Daß er wieder derart auf den Busch klopft, der Spießer, liegt nicht zuletzt am Politiker, der sich beim Spießer einschleimt, der Kanzlerkandidat der Sozis schlimmer als der Kanzler selbst. Auch die GrünIn, der noch jede eklige Blattwanze erhaltenswert erscheint, tut so, als müsse sie das Aussterben des Spießers verhindern und kriecht mit ihrem feuchtbiotopen Wertekonservatismus bei ihm zu Kreuze. Niemand wolle der BürgerIn ihr gemütliches Zuhause verleiden, flötet sie seit Grünengedenken mit reichlich Tremolo in der verletzlichen Stimme. Das ist gelogen. Ich will es ihr verleiden, der SpießbürgerIn, ich will ihre beleuchtete Plastikgans im Küchenfenster implodieren, ihre Gartenlaube vom Blitz getroffen einstürzen, ihre gerafften Gardinen von Saatkrähen zerrissen und verschissen, ihren quengelnden Rasentrimmer bersten sehen.

Natürlich bestreitet der Spießer, ein Spießer zu sein.
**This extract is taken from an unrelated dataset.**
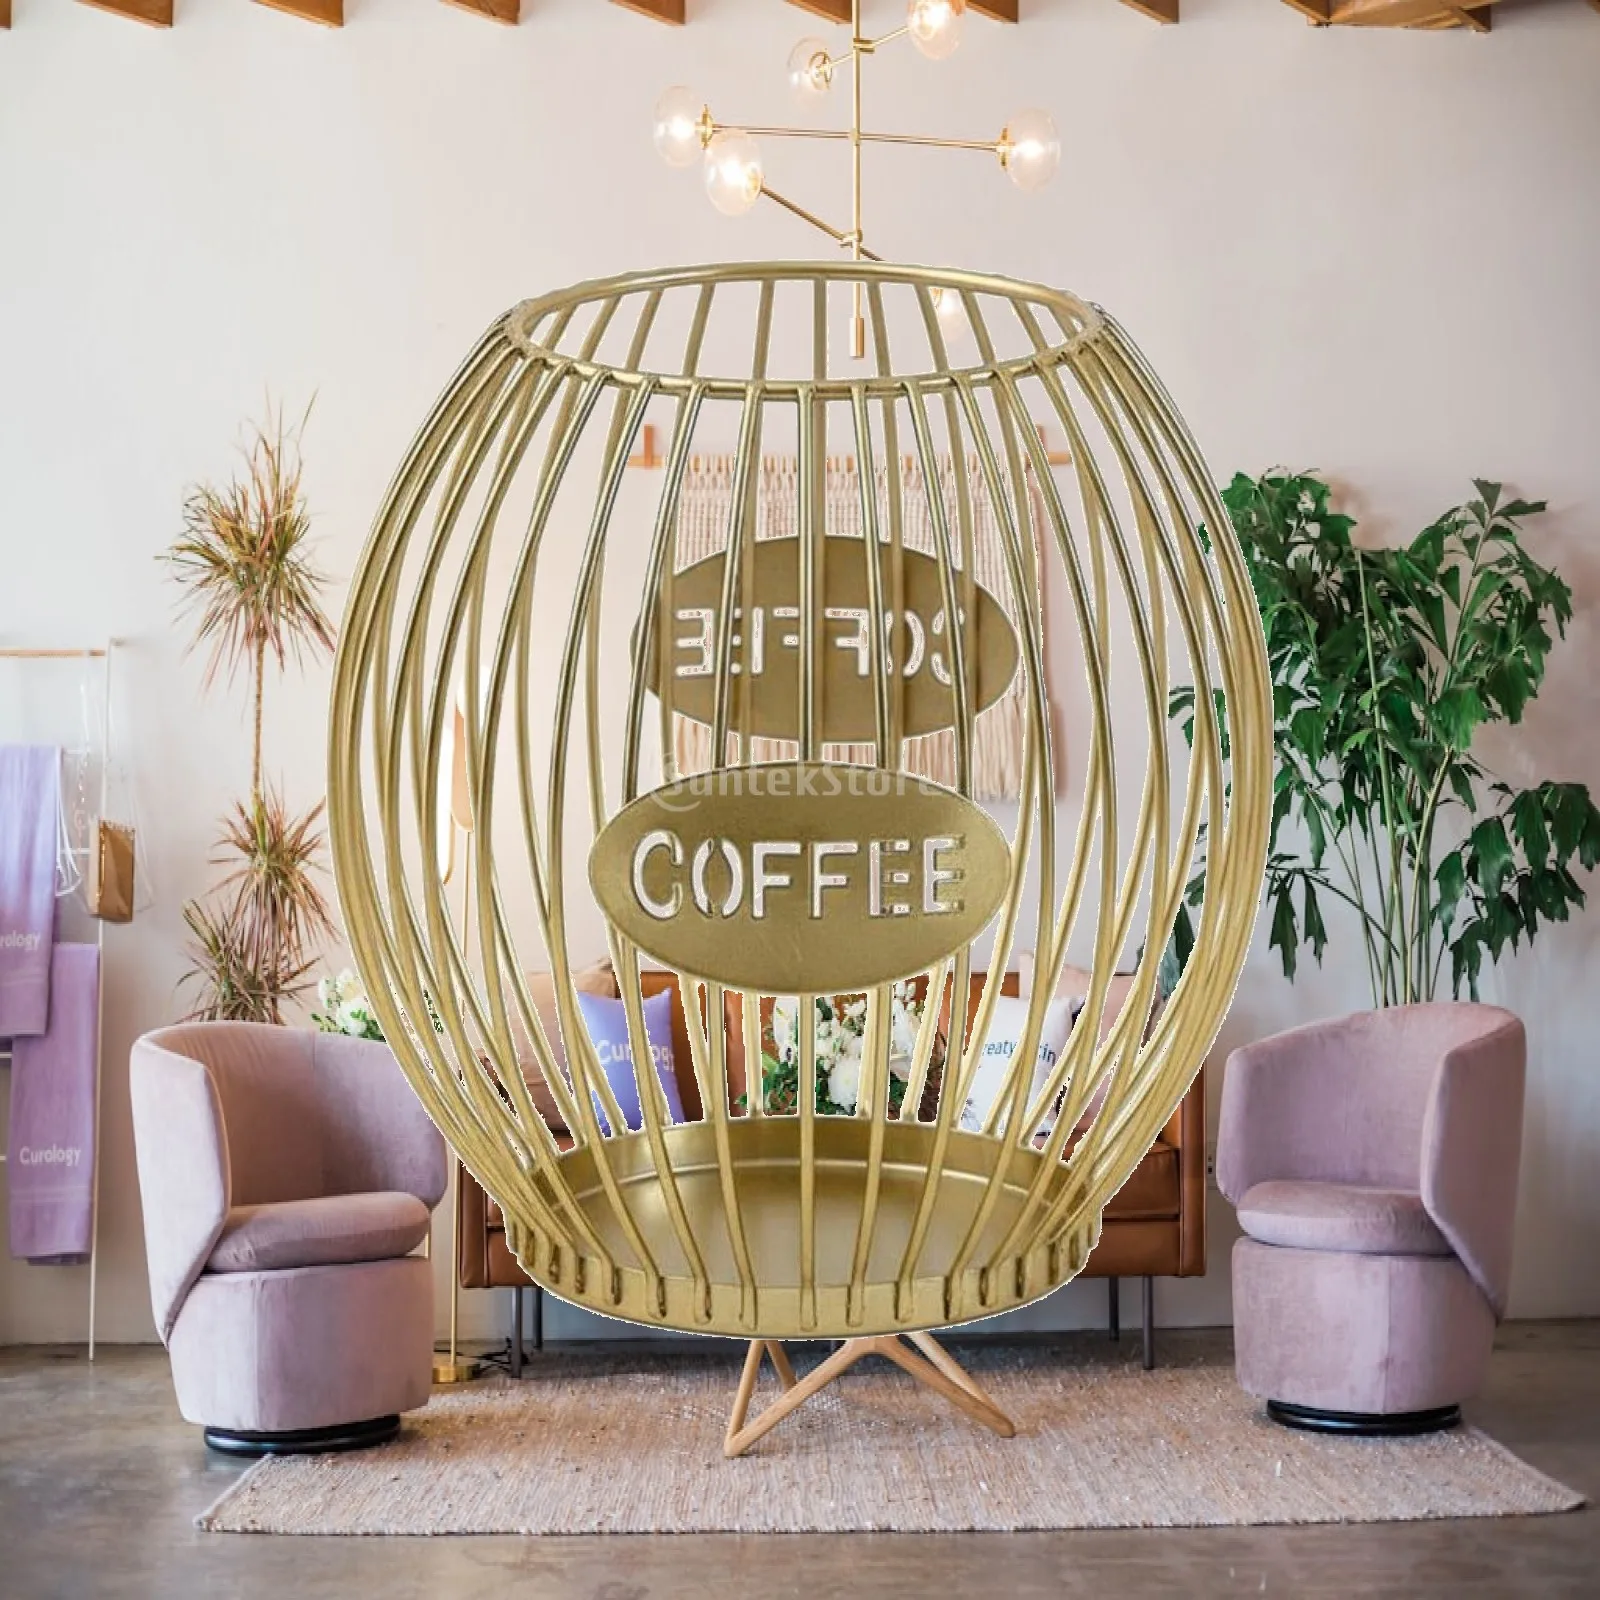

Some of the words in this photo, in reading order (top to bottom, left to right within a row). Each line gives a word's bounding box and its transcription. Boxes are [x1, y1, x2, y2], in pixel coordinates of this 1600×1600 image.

Der Spießer, das ist immer der andere, für den Technokraten ist der Pädagoge der Spießer, für den Pädagogen der Bankangestellte, für den Bankangestellten der Hausmeister, für den Hausmeister der Pfarrer, für den Eigentumswohnungsbesitzer der Doppelhaushälftenbesitzer, für den Doppelhaushälftenbesitzer der Mallorcapauschaltourist im ballonseidenen Jogginganzug. Spießig ist immer das, was andere tun. Für die Guildohorngemeinde ist Philcollinshören spießig, für den Opelomegamann BMW-Fünferreihenfahren, für den Fußballfreund das Tennis. Und umgekehrt. Alle haben Recht, denn die Welt ist so trivial, wie sie erscheint. Die Gepflegtheit des Rasen- und Tierbesitzers stehen in einem engen Zusammenhang. Wer seinen Rasen zu- und seinen Hund abrichtet, der ist nicht selten ein Mensch, der seine Nachbarn zu- und abrichten möchte, den es zumindest nicht interessiert, wenn andere Menschen zu- und abgerichtet werden.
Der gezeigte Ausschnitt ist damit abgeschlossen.